Preventing Historic Data Breakdowns:

  • To safeguard against data loss and service disruptions, we’ve implemented regular snapshots of our data, stored on AWS Glacier. This allows for quick recovery during downtimes.
  • Additionally, each year of historical data is now duplicated across two servers, ensuring data remains accessible and secure even in the event of a server failure.

Improved System Performance: 

  • We’ve added four new servers to our v3 historic clusters, enhancing data management and overall system performance.

June 14, 2024

New Clustering Algorithm on v3 API: 

  • We’ve introduced a more efficient clustering method for our v3 API and benchmarked it against our existing approach. 
  • The new method is approximately 1.75x faster, offering significant performance improvements without requiring any changes to your existing code or API calls.

June 07, 2024

is_opinion Flag Now Available:

  • The is_opinion attribute, already present in v3, is now available as a filter parameter in the API. This allows for more precise filtering of opinion articles in your data queries.
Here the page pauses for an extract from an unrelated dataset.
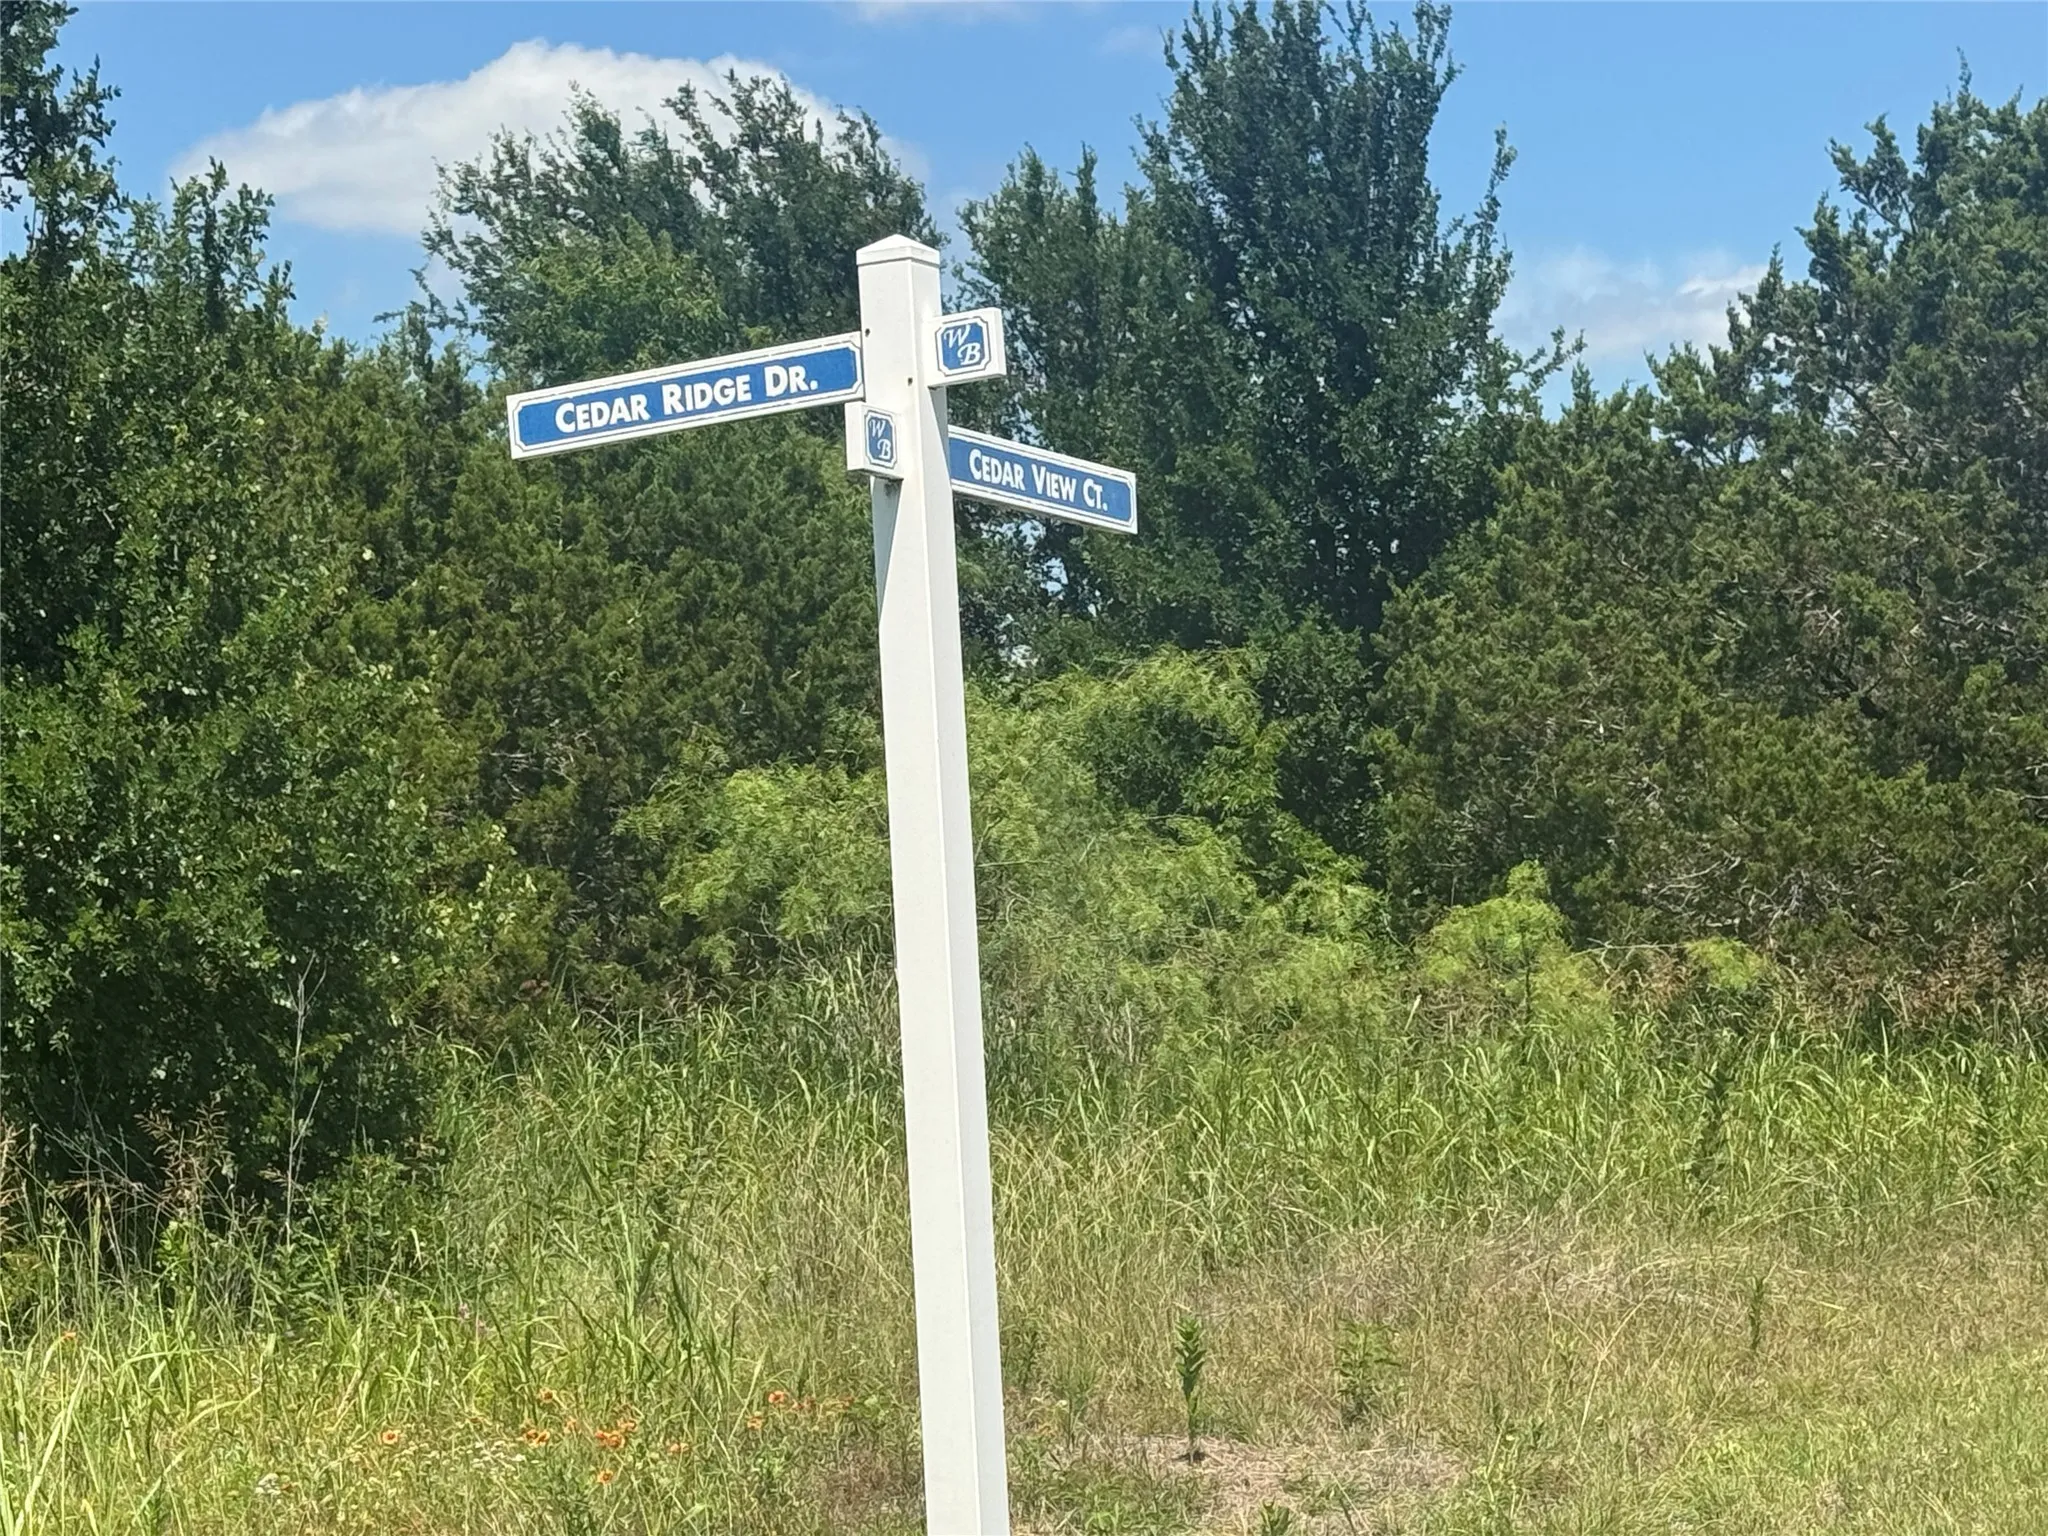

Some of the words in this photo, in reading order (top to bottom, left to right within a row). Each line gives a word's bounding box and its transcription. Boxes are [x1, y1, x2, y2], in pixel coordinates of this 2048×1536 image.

Improved Source Country Identification:

  • We’ve enhanced our logic for determining the country of origin for news sources. 
  • This update has reduced the number of sources marked as ‘unknown’ by over 5,500, improving the accuracy of geographical data.

May 31, 2024

Translated Articles on v3 API:

  • The v3 API now includes English translations for non-English articles. 
  • We’ve achieved a 90% translation rate for non-English content, providing broader access to global news in English.

May 24, 2024

New English Sentiment Model:

  • We’ve fine-tuned our sentiment analysis model using a synthetic dataset of over a million articles labeled with ChatGPT. 
  • The new model operates 10x faster and delivers improved accuracy, with F-1 scores of 0.89 for non-finance articles and 0.87 for finance-related content.

May 17, 2024

Improved Language Detection:

  • We’ve fixed a bug that caused incorrect language identification due to certain text transformations. This fix enhances the accuracy of our language detection across articles.

Article Deduplication:

  • We’ve implemented a deduplication feature to identify and filter out republished or syndicated articles, ensuring that your data stream focuses on original content.
  • Comprehensive documentation is available for this feature.

May 10, 2024

New English Sentiment Model:

  • We’ve fine-tuned our sentiment analysis model using a synthetic dataset of over a million articles labeled with ChatGPT. 
  • The new model operates 10x faster and delivers improved accuracy, with F-1 scores of 0.89 for non-finance articles and 0.87 for finance-related content.

May 03, 2024

Article Update Monitoring:

  • We’ve introduced a feature that checks whether an article has been updated after its initial publication. 
  • If changes are detected, we ensure the extracted version reflects the latest content, keeping your data current.

April 19, 2024

Enhanced Parent URL Logic:

  • We’ve refined the logic for the parent_url attribute, which previously defaulted to the homepage of the news source where the article was first found. 
  • The new logic now prioritizes section-specific URLs over homepage links, improving the contextual relevance of the parent URL data.

April 12, 2024

Text Formatting Preservation:

  • We’ve improved our text extraction process to preserve formatting, ensuring that more than 90% of articles maintain clear paragraph splits. 
  • This enhancement provides cleaner and more readable data.

V3 API SDKs Launched:

  • We’ve launched SDKs for the v3 API in multiple programming languages, including Python, C#, Java, Go, and TypeScript, making it easier to integrate our API into various development environments.

March 29, 2024

Additional Historical Data: 

  • Our v3 API now includes NLP-enriched articles dating back to the beginning of July 2023. 

Improved latency

  • We’ve deployed a dedicated processing pipeline for priority sources, ensuring that these articles are indexed in under 5 minutes, down from the usual 15-60 minute delay.

March 25, 2024

Author Extraction Enhancement:

  • We’ve improved our extraction methods to better identify author names within the article content, including in-text endings like “…written by John Smith.” 
  • This ensures more accurate attribution of articles to their authors.